Wilfred Owen

born March 18, 1893, Oswestry,
Shropshire, Eng.
killed in action Nov. 4, 1918, France
English poet noted for his anger at the
cruelty and waste of war and his pity for
its victims. He also is significant for his
technical experiments in assonance, which
were particularly influential in the 1930s.

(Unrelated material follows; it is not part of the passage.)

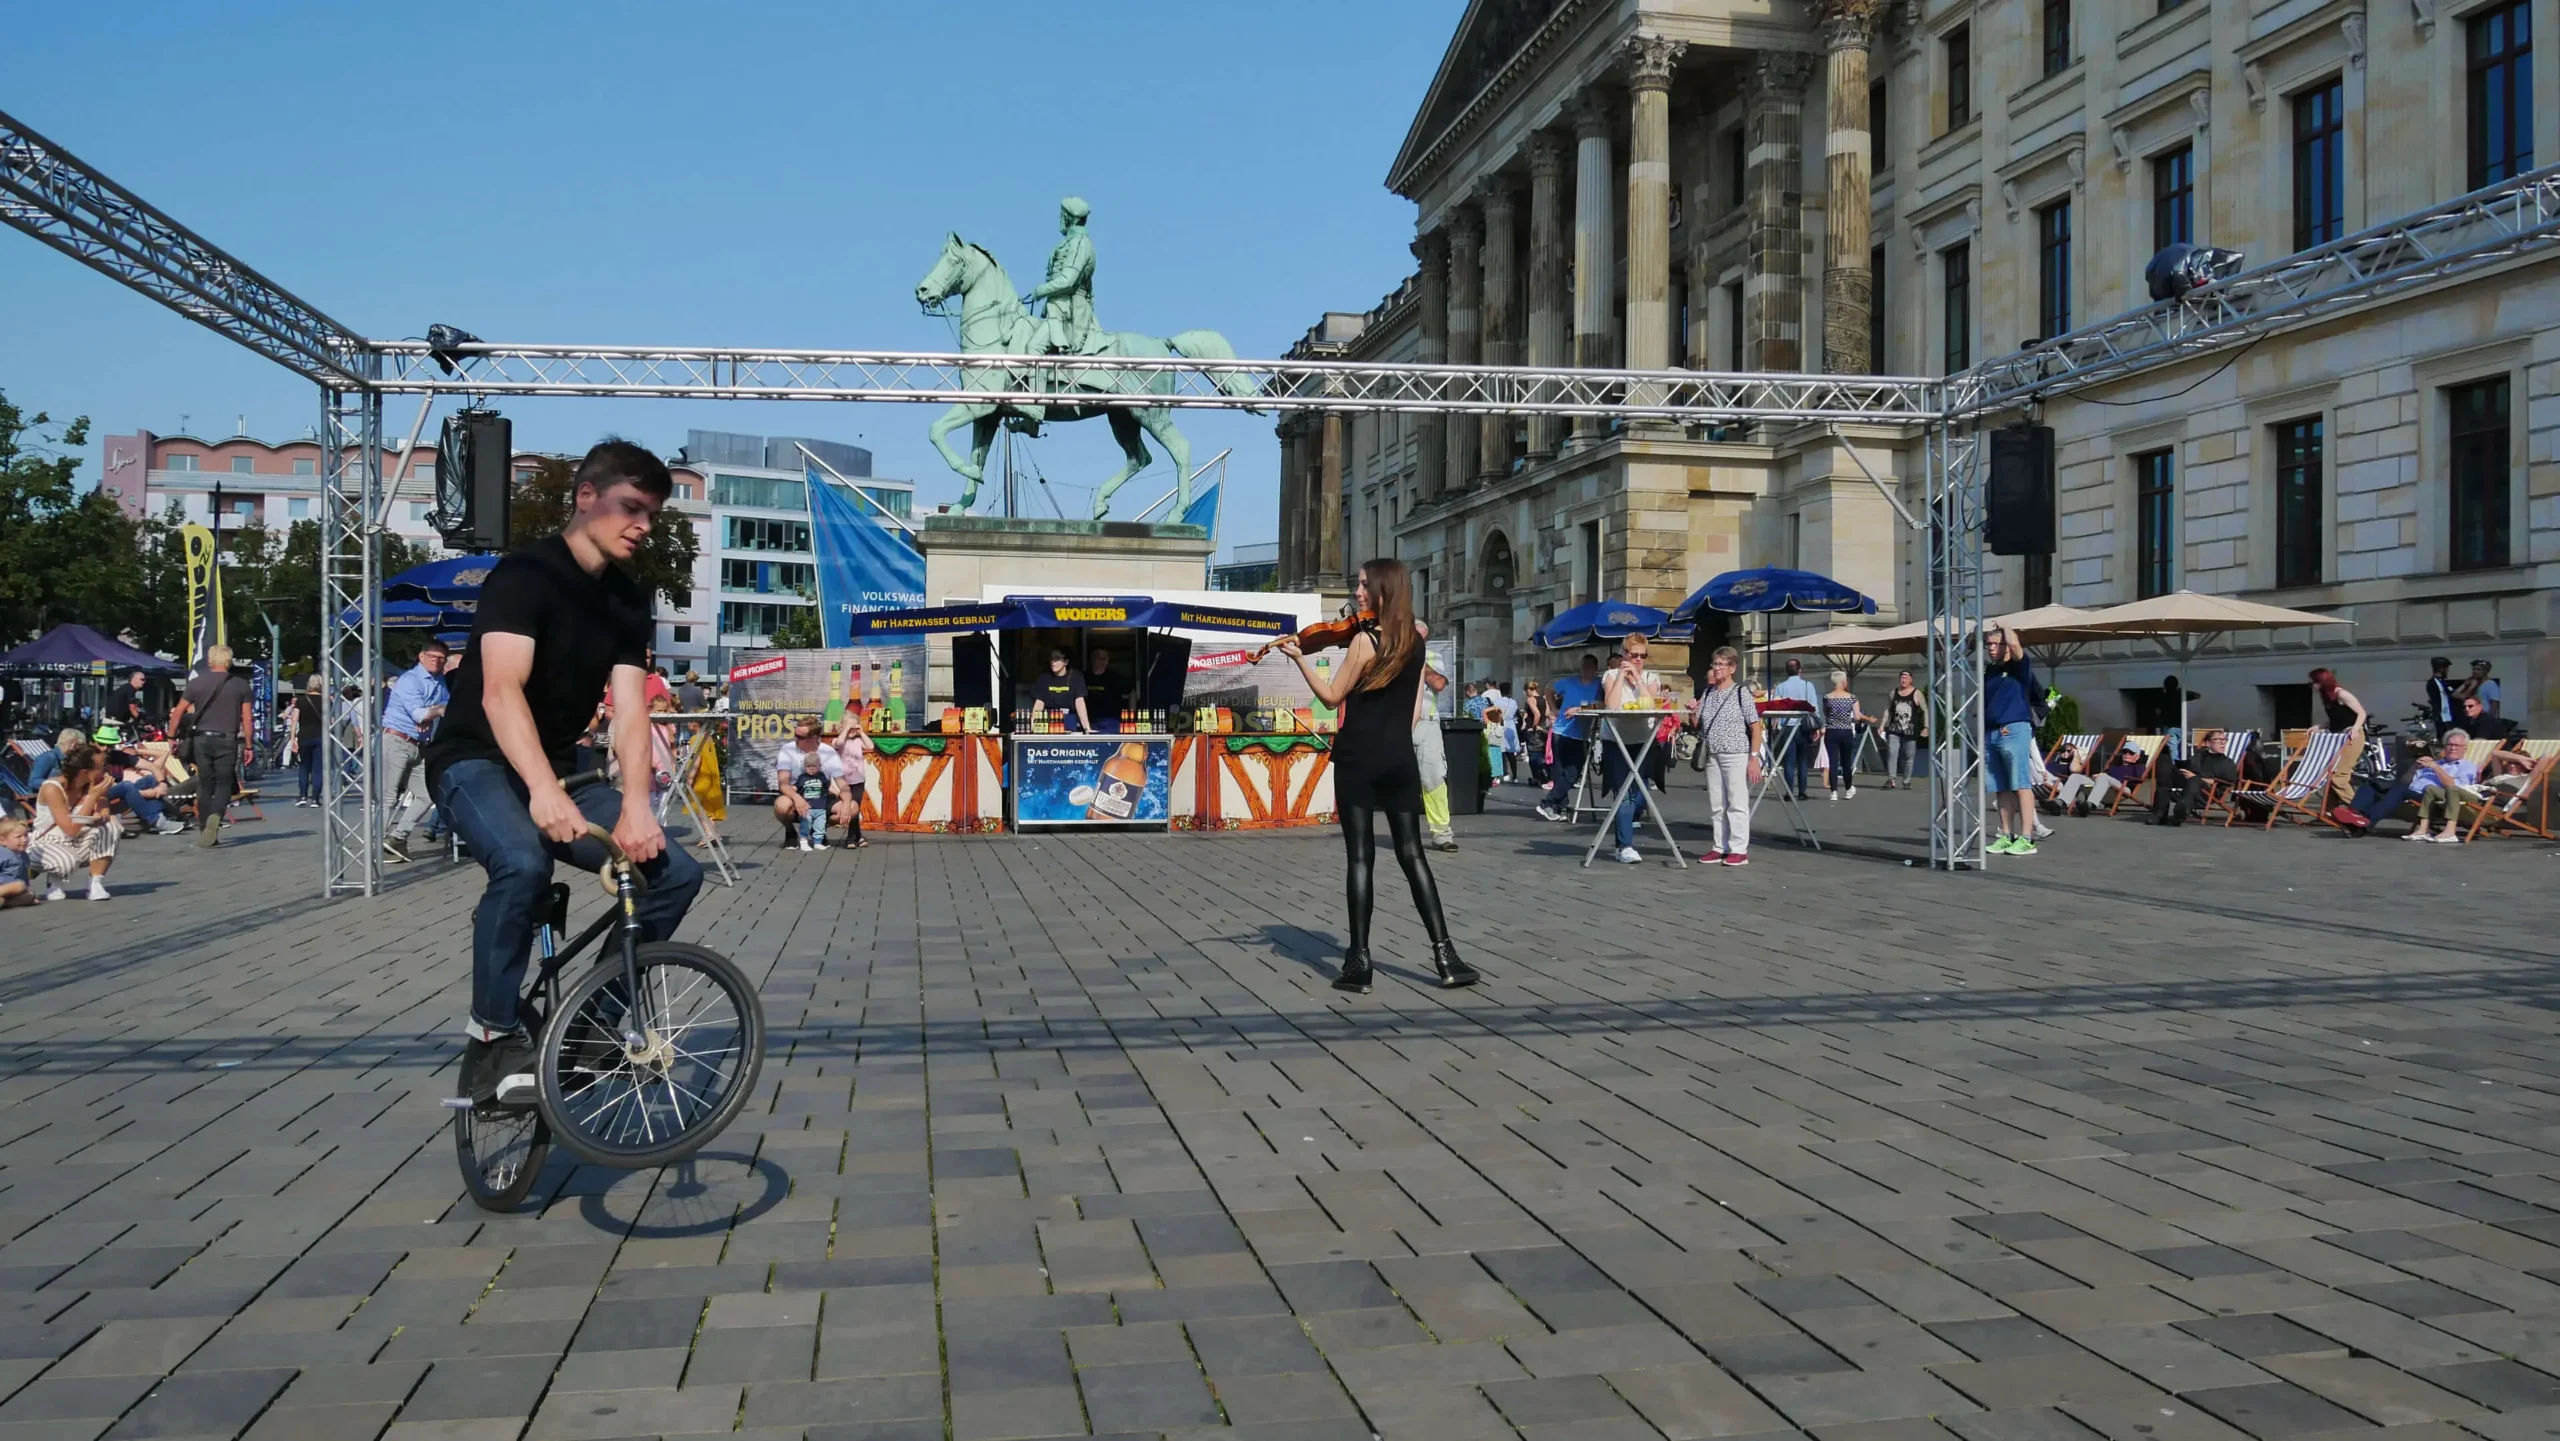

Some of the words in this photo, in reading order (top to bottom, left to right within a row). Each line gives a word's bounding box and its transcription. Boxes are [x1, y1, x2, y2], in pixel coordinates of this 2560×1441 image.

Owen was educated at the Birkenhead
Institute and matriculated at the University
of London; after an illness in 1913 he lived
in France. He had already begun to write
and, while working as a tutor near Bordeaux,
was preparing a book of “Minor Poems—in
Minor Keys—by a Minor,” which was never
published. These early poems are consciously
modeled on those of John Keats; often
ambitious, they show enjoyment of poetry as
a craft.
In 1915 Owen enlisted in the British
army. The experience of trench warfare
brought him to rapid maturity; the poems
written after January 1917 are full of anger
at war’s brutality, an elegiac pity for
“those who die as cattle,” and a rare
descriptive power. In June 1917 he was
wounded and sent home. While in a hospital
near Edinburgh he met the poet Siegfried
Sassoon, who shared his feelings about the
war and who became interested in his work.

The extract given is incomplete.